As might be expected, the combination of a reduction of 34% in state support for the sector between 2008 and 2015, and an increase of 24% in student numbers has taken its toll on the finances of the sector. Ten of the 14 Institutes face particular challenges.
Key findings include:
- The overall reserves held by the IoTs fell from €132.5mn to €78.7mn over the period, wiping out 40% of the finance available to underpin ongoing sustainability and future development.
- The cash flow position across the sector is major concern, with a decline in the cash balances held by IoTs from €218.1mn in August 2013 to €147mn in August 2016, and a further fall anticipated to €116mn by August 2017
- At an aggregate level, the sector is in deficit and this trend is projected to continue over the next 5 years.
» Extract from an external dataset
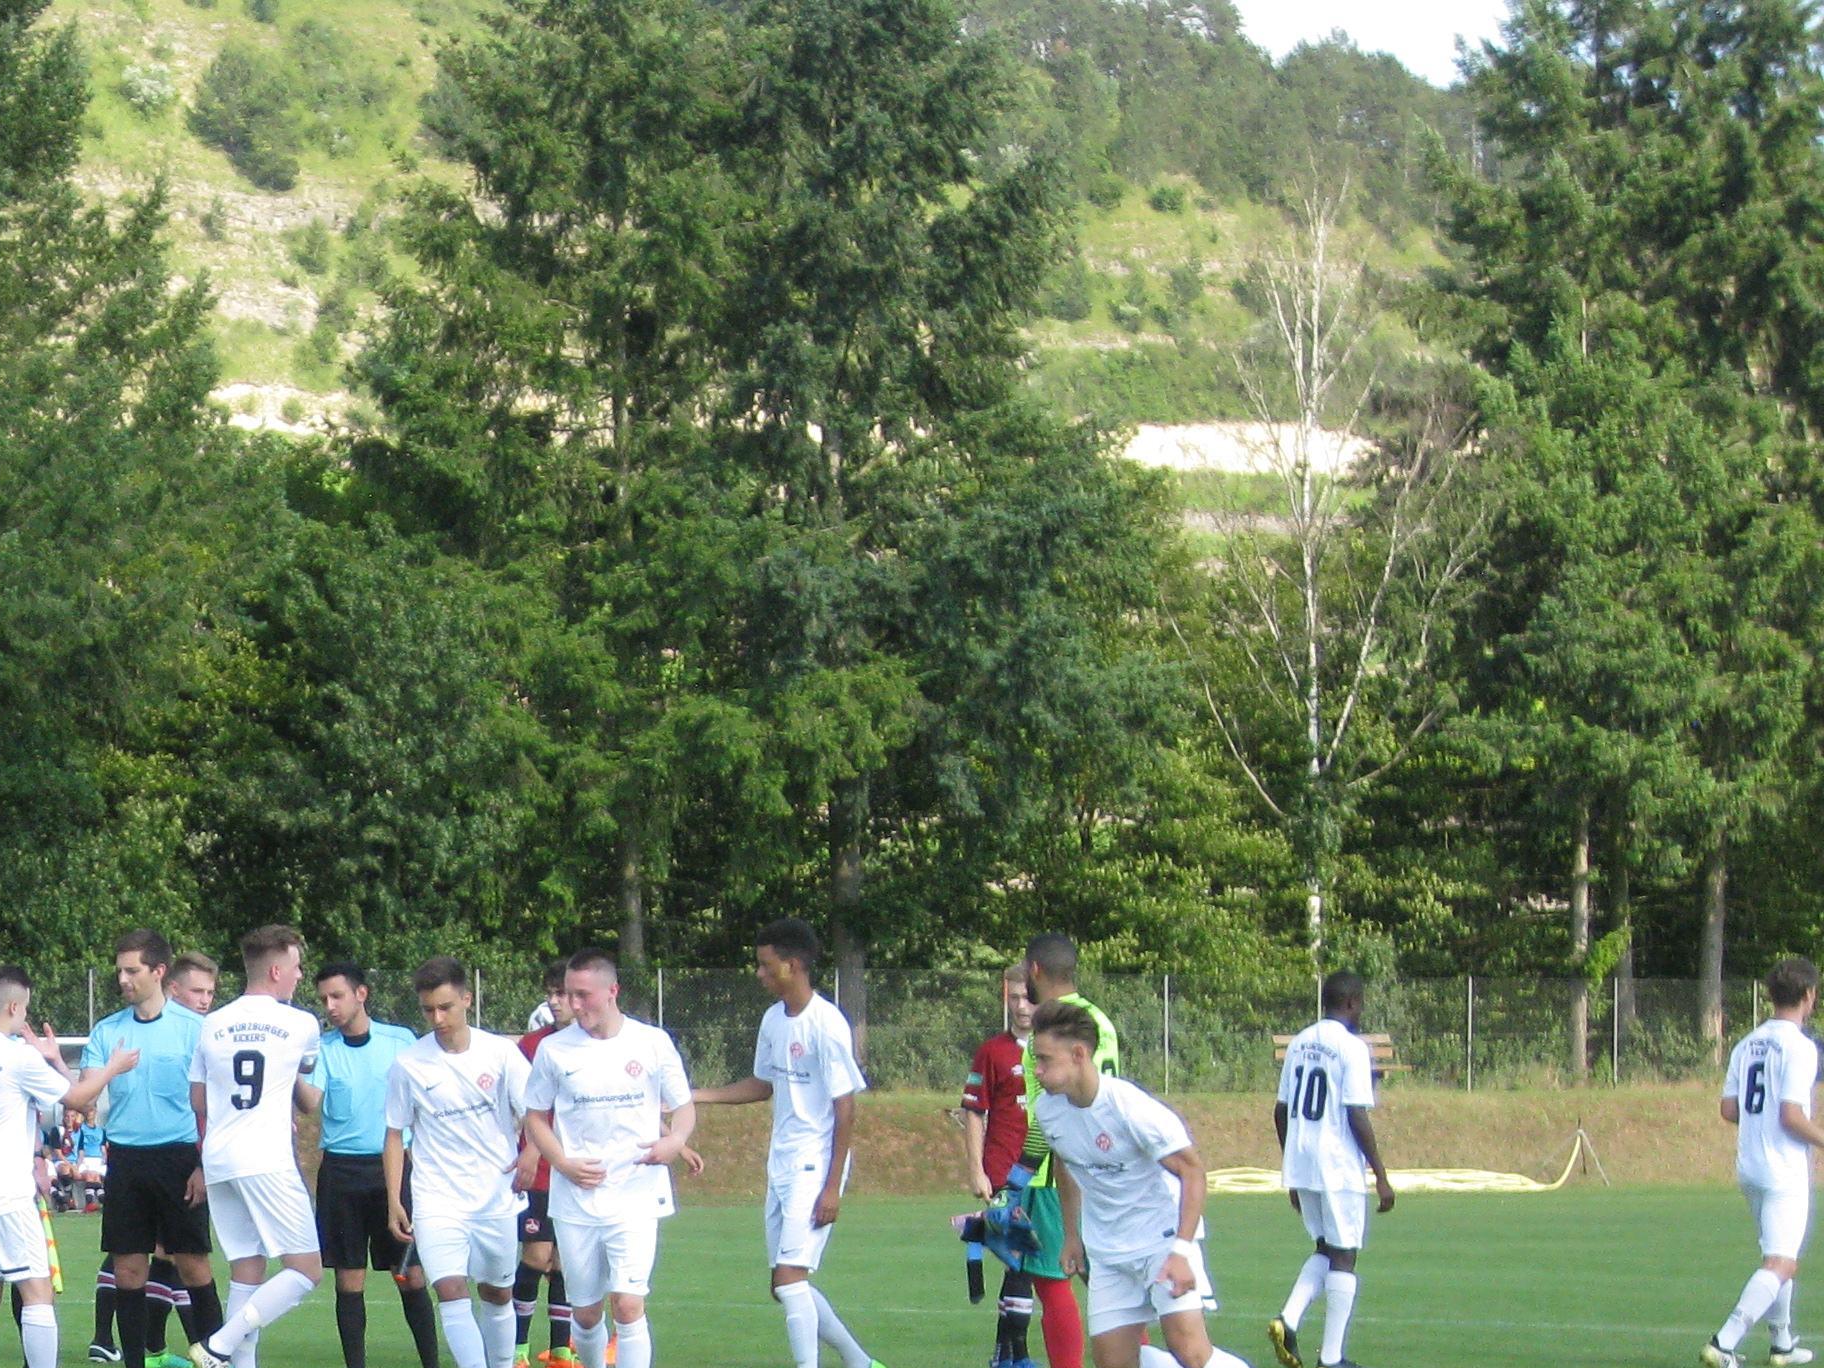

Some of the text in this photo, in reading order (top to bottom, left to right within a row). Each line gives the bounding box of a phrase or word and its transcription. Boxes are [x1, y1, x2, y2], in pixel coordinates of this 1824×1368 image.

[231, 1050, 265, 1110] 9
[1291, 1066, 1327, 1121] 10
[1745, 1062, 1765, 1114] 6
- Pay costs still account for between 72.5% and 80% of total IoT expenditure, despite core staffing levels falling by 12% between 2008 and 2014. The absence of flexibility to re-deploy staff or introduce new work arrangements (for part-time or online study for example) is a significant factor in financial performance.
- The campus environment has been adversely impacted as there has been no funds available for capital investment. The devolved grant (the funding provided per student) has allowing labs to remain operational, health and safety issues to be addressed and some minimal investment in technology to be facilitated, but capital investment is now urgently needed. ICT infrastructure remains a critical area of concern. Growth in science and ICT education provision is encouraging but is constrained by existing capacity, and targeted capital investment aimed at reinforcing the technological mission of the sector has the potential to generate a significant impact.
The campus environment has been adversely impacted as there has been no funds available for capital investment. The devolved grant (the funding provided per student) has allowing labs to remain operational, health and safety issues to be addressed and some minimal investment in technology to be facilitated, but capital investment is now urgently needed. ICT infrastructure remains a critical area of concern. Growth in science and ICT education provision is encouraging but is constrained by existing capacity, and targeted capital investment aimed at reinforcing the technological mission of the sector has the potential to generate a significant impact.
Andrew Brownlee, Head of System Funding at the HEA, commented, “The gathering of this comprehensive data on past, current and projected future financial performance is a major step forward in understanding, and putting in place appropriate responses to, the issues faced by institutes of technology. The report demonstrates the value of timely management information which will facilitate benchmarking and the sharing of good practice across the sector, and it will serve as a template for the future approach to HEA financial monitoring of institutions”.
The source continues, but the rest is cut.